_Exercise objective_
For the entries that follow, tally the lines holding the string "목포시장". Give the total and nothing else.

_Provided material_

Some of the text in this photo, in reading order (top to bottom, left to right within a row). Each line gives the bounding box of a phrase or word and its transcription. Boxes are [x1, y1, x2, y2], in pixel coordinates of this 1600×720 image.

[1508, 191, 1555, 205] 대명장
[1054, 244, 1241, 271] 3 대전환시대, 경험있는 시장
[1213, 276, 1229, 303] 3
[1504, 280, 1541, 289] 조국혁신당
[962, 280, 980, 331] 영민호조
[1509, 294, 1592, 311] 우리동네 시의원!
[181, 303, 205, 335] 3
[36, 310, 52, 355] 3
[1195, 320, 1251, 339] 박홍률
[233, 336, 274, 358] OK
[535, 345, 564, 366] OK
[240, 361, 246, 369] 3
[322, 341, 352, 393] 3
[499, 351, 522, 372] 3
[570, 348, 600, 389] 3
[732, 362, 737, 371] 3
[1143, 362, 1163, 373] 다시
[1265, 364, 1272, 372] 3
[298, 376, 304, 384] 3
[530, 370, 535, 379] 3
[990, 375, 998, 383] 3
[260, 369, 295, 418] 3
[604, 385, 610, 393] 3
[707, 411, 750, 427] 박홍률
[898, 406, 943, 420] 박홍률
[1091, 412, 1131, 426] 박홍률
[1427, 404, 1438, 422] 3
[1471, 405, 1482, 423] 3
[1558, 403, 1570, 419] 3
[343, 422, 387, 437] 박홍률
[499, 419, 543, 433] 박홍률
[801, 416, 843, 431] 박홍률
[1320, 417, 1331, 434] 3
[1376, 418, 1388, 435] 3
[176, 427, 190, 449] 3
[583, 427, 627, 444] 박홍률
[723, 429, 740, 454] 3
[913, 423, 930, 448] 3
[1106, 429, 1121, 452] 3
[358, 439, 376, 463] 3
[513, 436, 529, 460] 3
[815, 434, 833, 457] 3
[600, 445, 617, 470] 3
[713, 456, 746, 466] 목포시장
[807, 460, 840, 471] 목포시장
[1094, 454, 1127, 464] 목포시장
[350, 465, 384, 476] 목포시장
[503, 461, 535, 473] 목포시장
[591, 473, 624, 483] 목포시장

_Response_
6